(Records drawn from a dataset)

"""

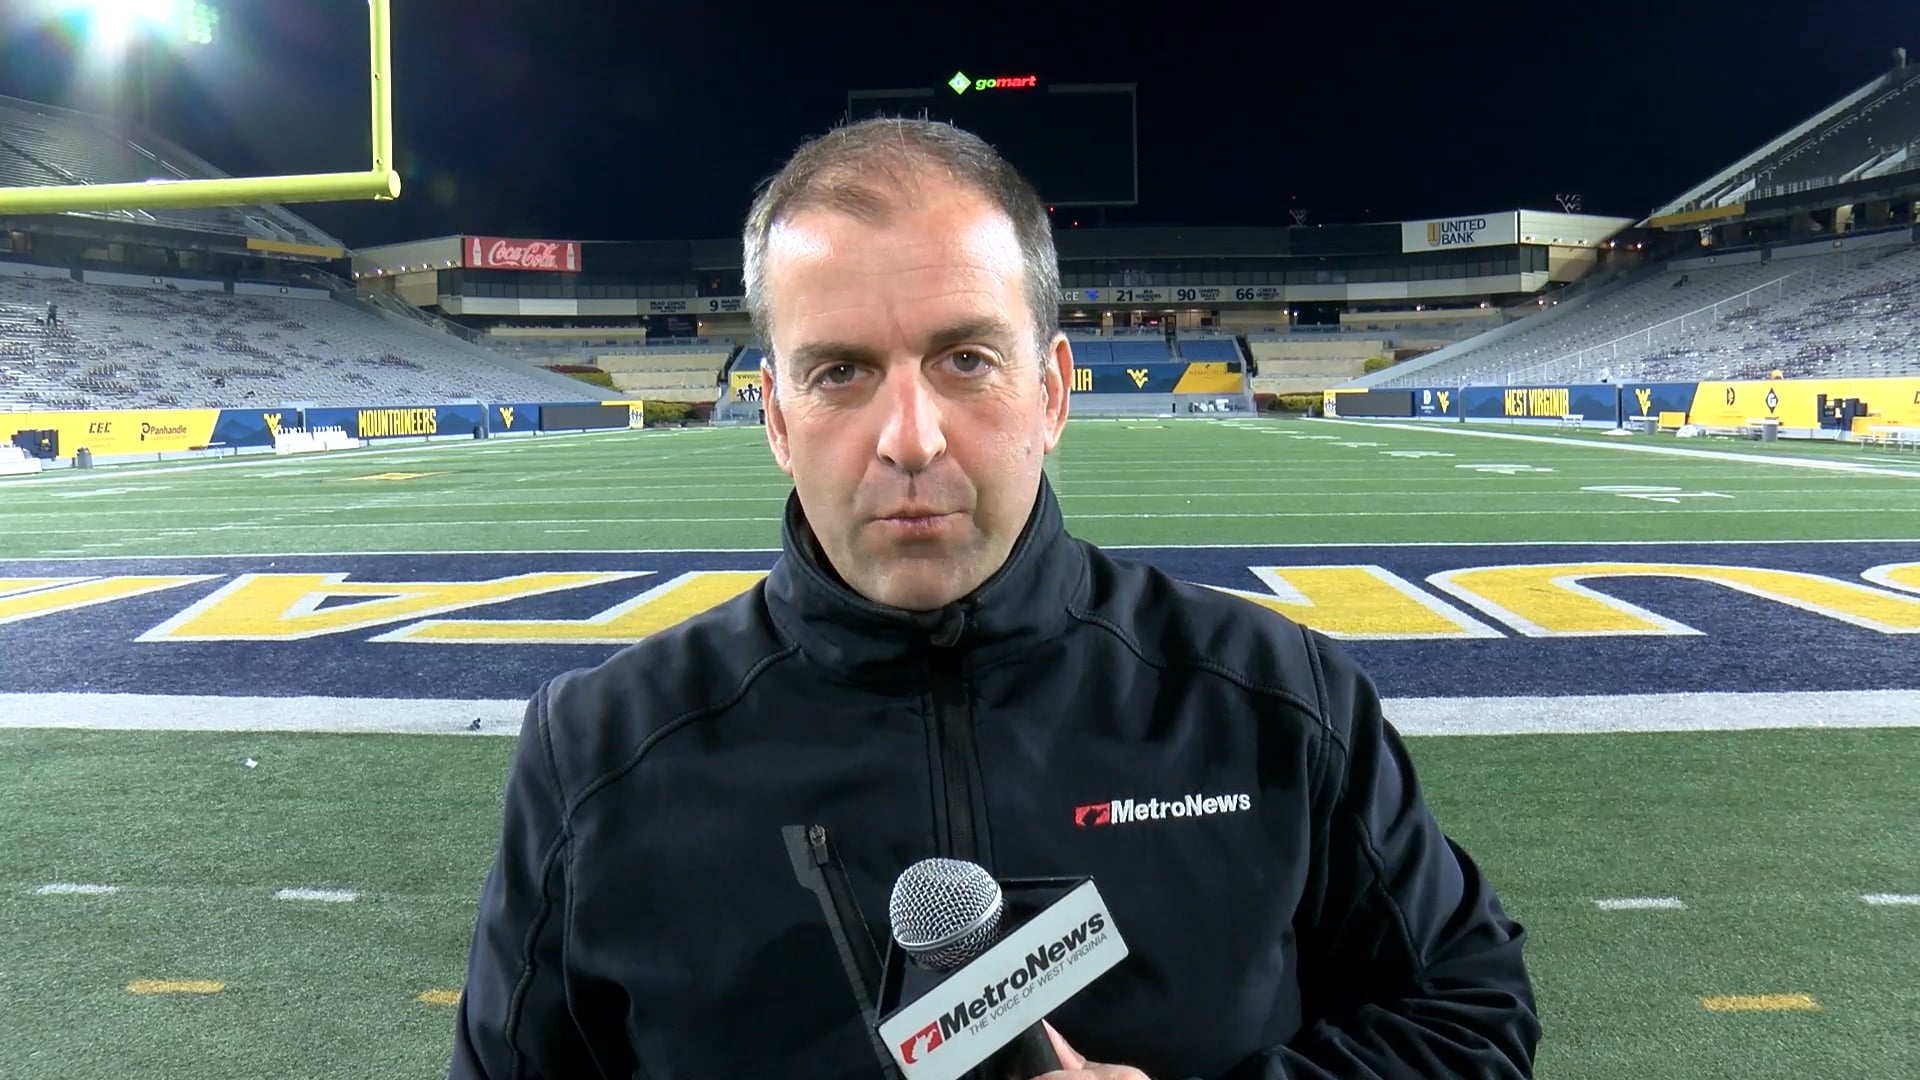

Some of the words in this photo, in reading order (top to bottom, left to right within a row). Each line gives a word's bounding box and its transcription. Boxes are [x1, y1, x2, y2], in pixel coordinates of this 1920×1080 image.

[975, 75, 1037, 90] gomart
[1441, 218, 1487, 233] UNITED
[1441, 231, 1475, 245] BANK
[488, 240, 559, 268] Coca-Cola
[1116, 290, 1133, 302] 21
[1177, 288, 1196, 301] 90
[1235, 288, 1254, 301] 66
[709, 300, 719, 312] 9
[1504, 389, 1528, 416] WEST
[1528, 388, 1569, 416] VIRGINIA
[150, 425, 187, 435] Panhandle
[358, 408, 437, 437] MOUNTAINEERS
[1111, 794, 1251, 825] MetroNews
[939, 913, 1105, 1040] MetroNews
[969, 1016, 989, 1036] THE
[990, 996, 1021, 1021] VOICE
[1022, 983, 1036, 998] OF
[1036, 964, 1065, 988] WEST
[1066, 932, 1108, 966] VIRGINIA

"""

ACTIVITY: Your answer must contain the full data, repeated exactly, without pictures.

ANSWER SECTION:
Some of the words in this photo, in reading order (top to bottom, left to right within a row). Each line gives a word's bounding box and its transcription. Boxes are [x1, y1, x2, y2], in pixel coordinates of this 1920×1080 image.

[975, 75, 1037, 90] gomart
[1441, 218, 1487, 233] UNITED
[1441, 231, 1475, 245] BANK
[488, 240, 559, 268] Coca-Cola
[1116, 290, 1133, 302] 21
[1177, 288, 1196, 301] 90
[1235, 288, 1254, 301] 66
[709, 300, 719, 312] 9
[1504, 389, 1528, 416] WEST
[1528, 388, 1569, 416] VIRGINIA
[150, 425, 187, 435] Panhandle
[358, 408, 437, 437] MOUNTAINEERS
[1111, 794, 1251, 825] MetroNews
[939, 913, 1105, 1040] MetroNews
[969, 1016, 989, 1036] THE
[990, 996, 1021, 1021] VOICE
[1022, 983, 1036, 998] OF
[1036, 964, 1065, 988] WEST
[1066, 932, 1108, 966] VIRGINIA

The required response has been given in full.